START Task data

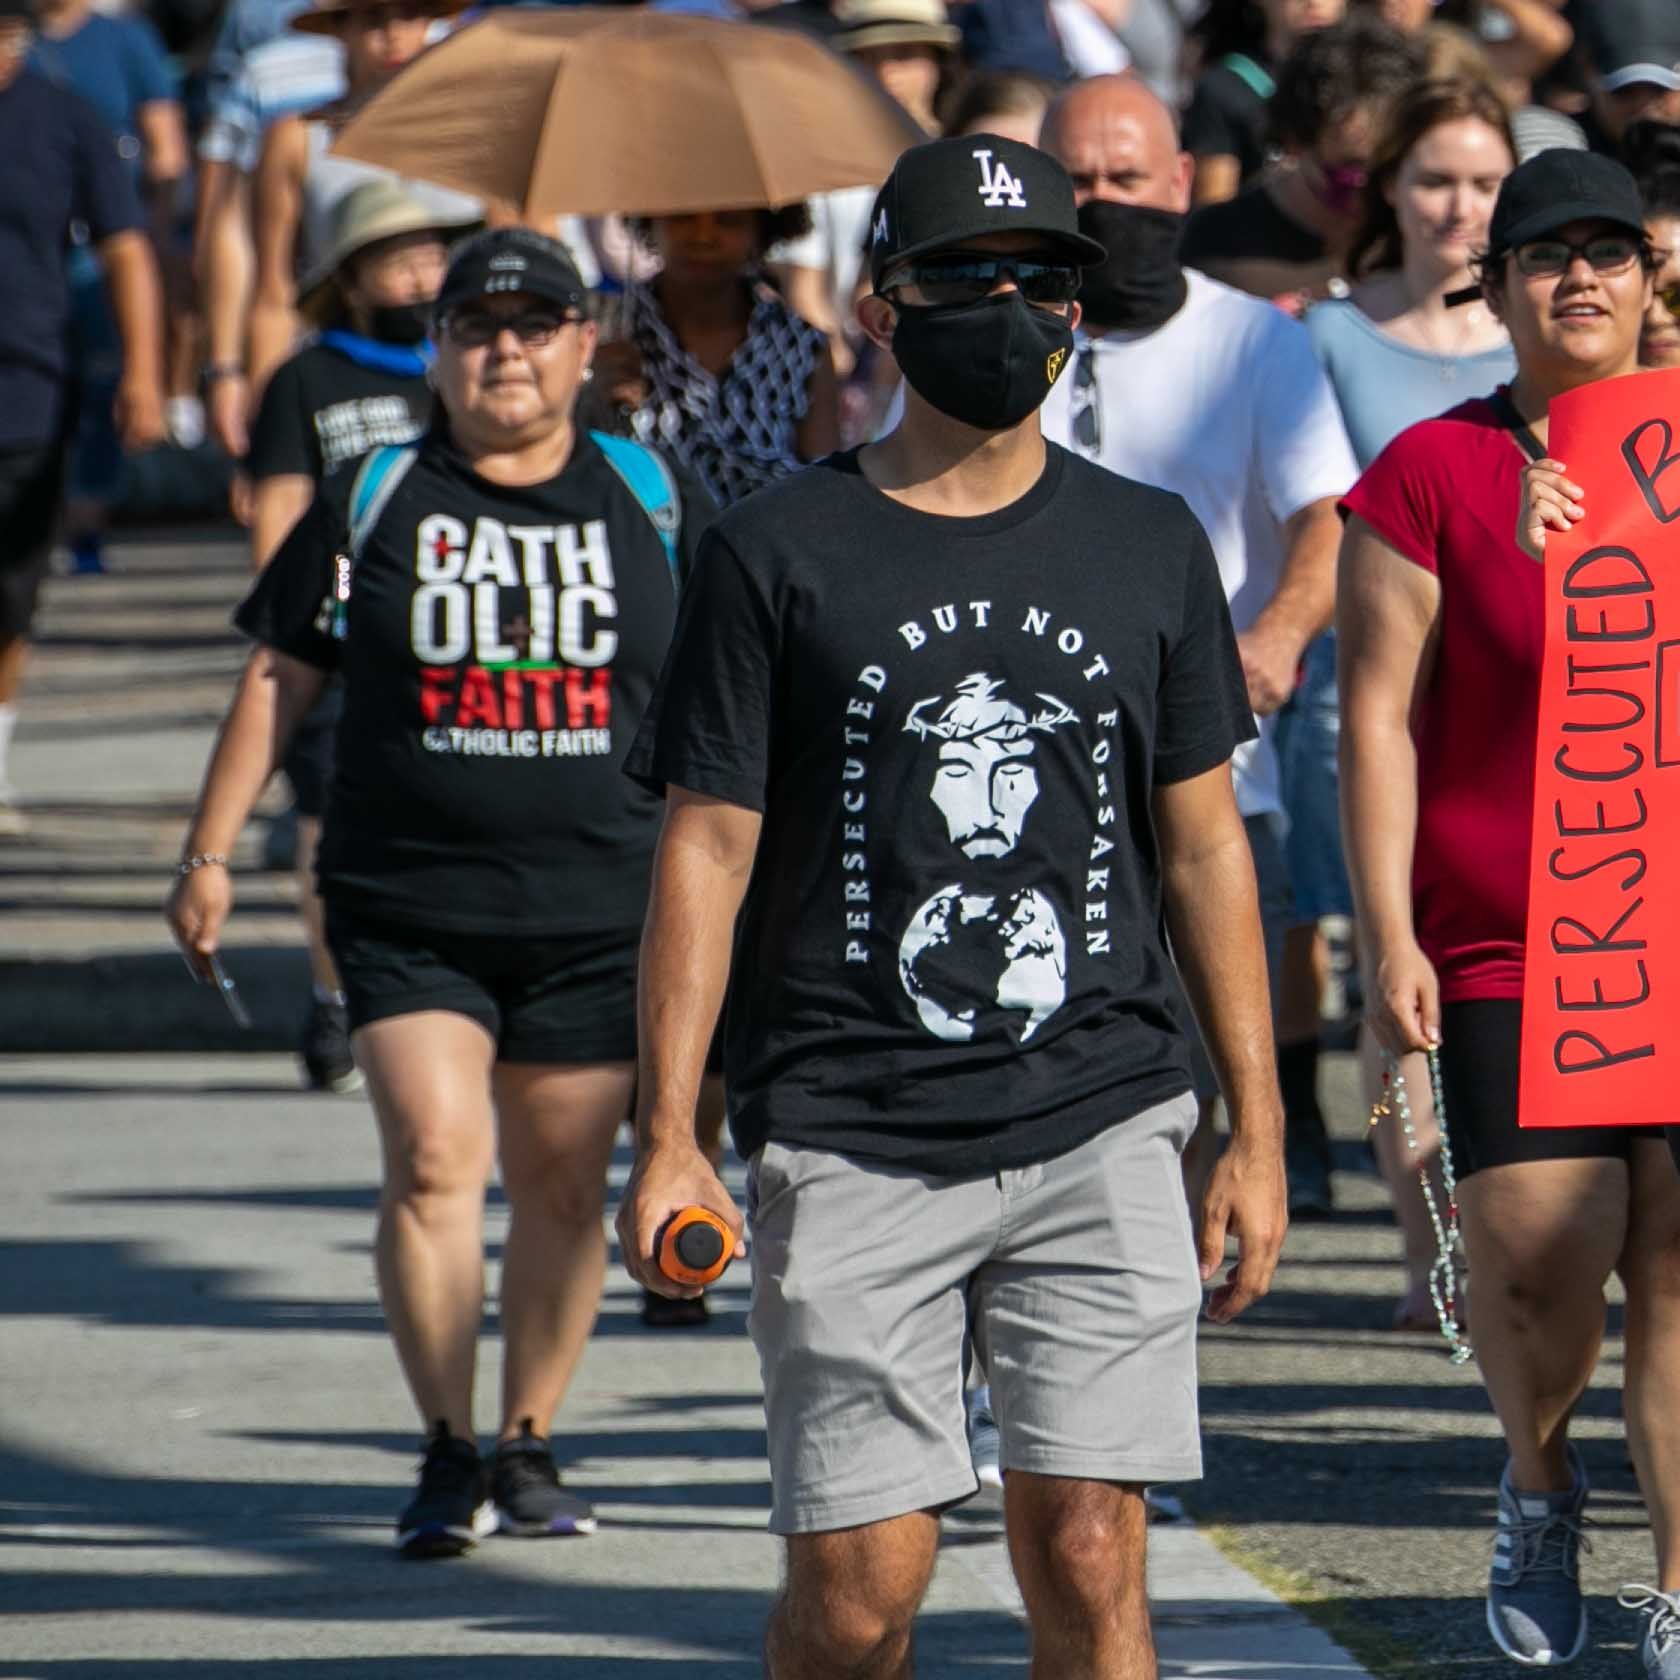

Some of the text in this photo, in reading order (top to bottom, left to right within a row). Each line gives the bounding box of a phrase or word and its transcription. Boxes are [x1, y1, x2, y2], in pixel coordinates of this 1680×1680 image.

[972, 149, 1027, 207] LA
[417, 513, 616, 589] CATH
[410, 580, 619, 667] OLIC
[418, 665, 612, 731] FAITH
[422, 727, 611, 758] CATHOLIC FAITH
[843, 600, 1120, 963] PERSECUTED BUT NOT FORSAKEN
[1550, 545, 1655, 1075] PERSECUTED
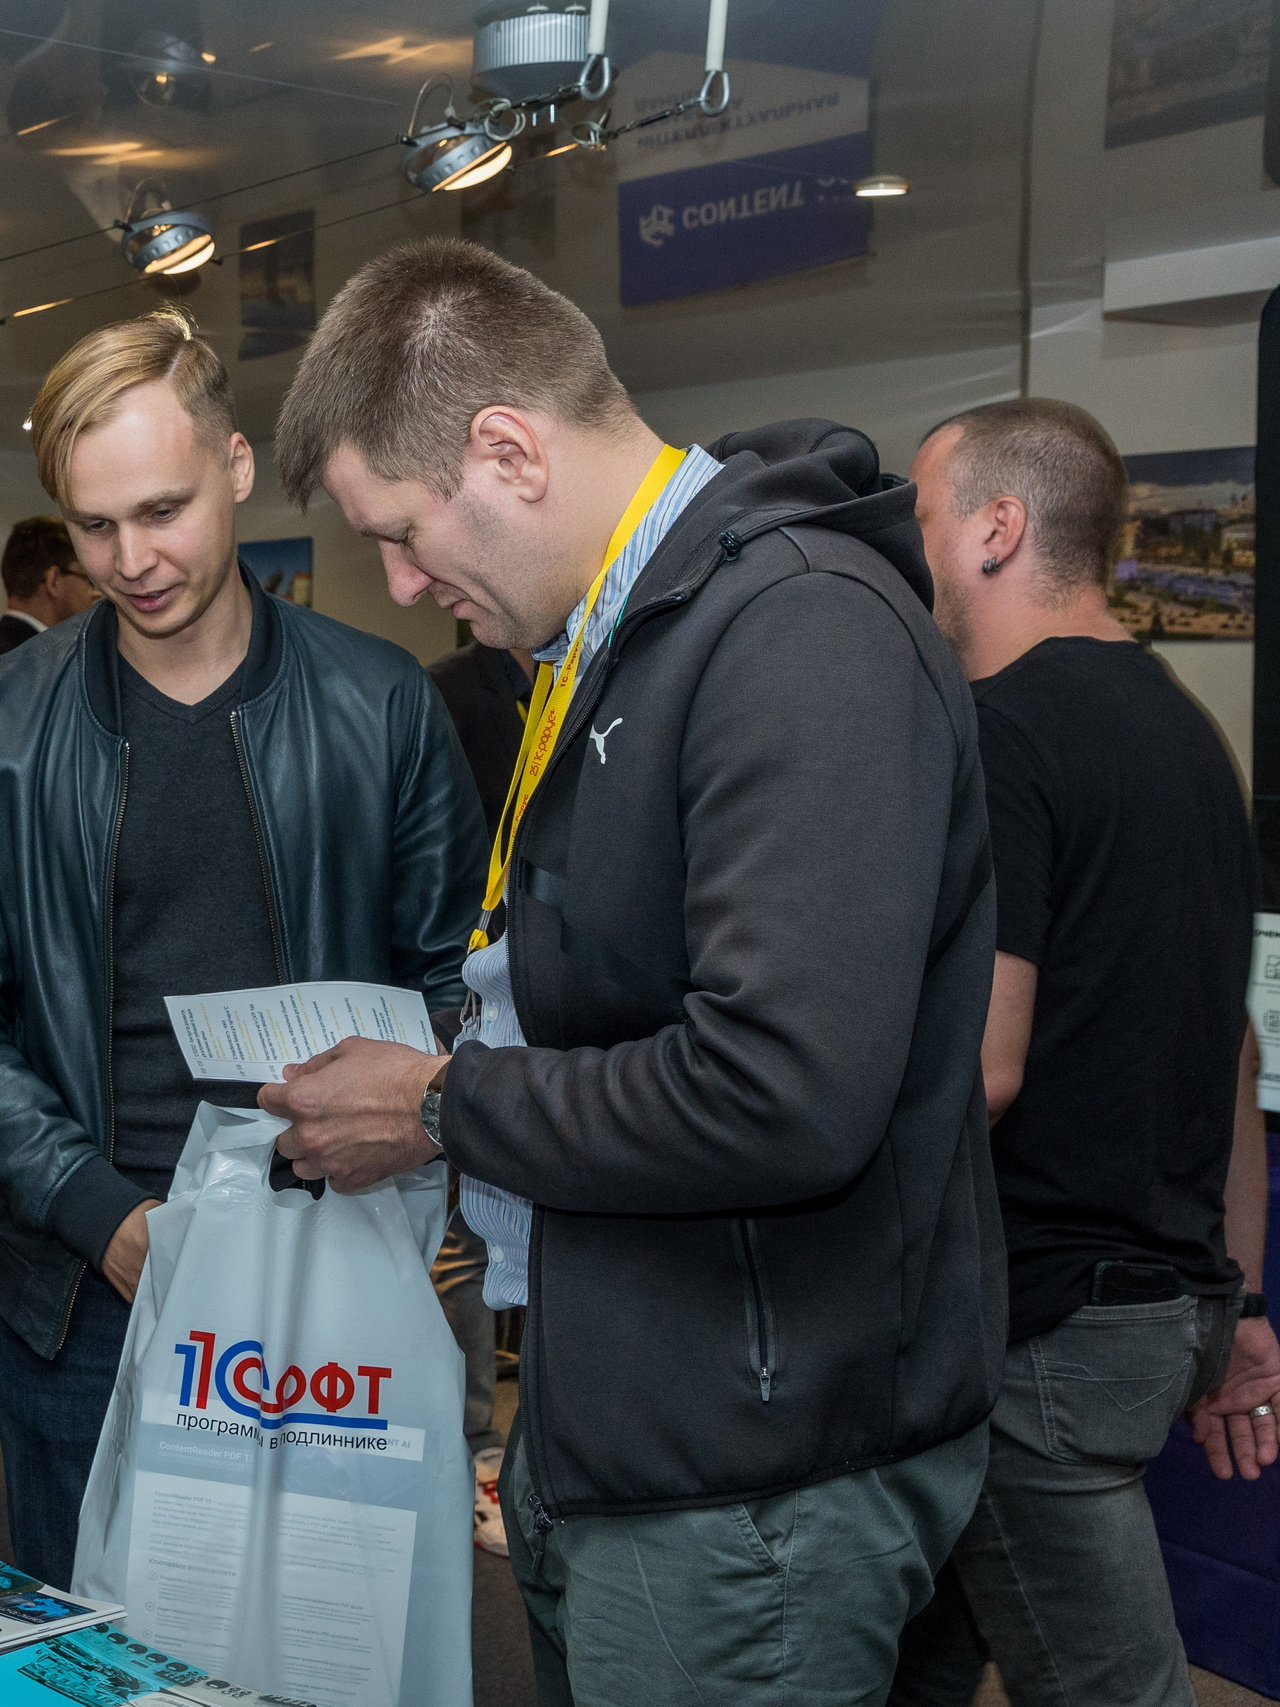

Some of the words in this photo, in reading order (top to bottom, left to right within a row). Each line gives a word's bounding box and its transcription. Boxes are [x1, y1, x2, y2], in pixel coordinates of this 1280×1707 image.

[280, 1430, 388, 1451] подлиннике
[159, 1441, 222, 1460] ContentReader
[224, 1451, 242, 1461] PDF

END Task data

*Assigned task*. Transcribe the records above exactly and drop every picture.

*Response for this exercise*.
Some of the text in this photo, in reading order (top to bottom, left to right within a row). Each line gives the bounding box of a phrase or word and its transcription. Boxes are [x1, y1, x2, y2], in pixel coordinates of this 1680×1680 image.

[972, 149, 1027, 207] LA
[417, 513, 616, 589] CATH
[410, 580, 619, 667] OLIC
[418, 665, 612, 731] FAITH
[422, 727, 611, 758] CATHOLIC FAITH
[843, 600, 1120, 963] PERSECUTED BUT NOT FORSAKEN
[1550, 545, 1655, 1075] PERSECUTED

Some of the words in this photo, in reading order (top to bottom, left to right within a row). Each line gives a word's bounding box and its transcription. Boxes are [x1, y1, x2, y2], in pixel coordinates of this 1280×1707 image.

[280, 1430, 388, 1451] подлиннике
[159, 1441, 222, 1460] ContentReader
[224, 1451, 242, 1461] PDF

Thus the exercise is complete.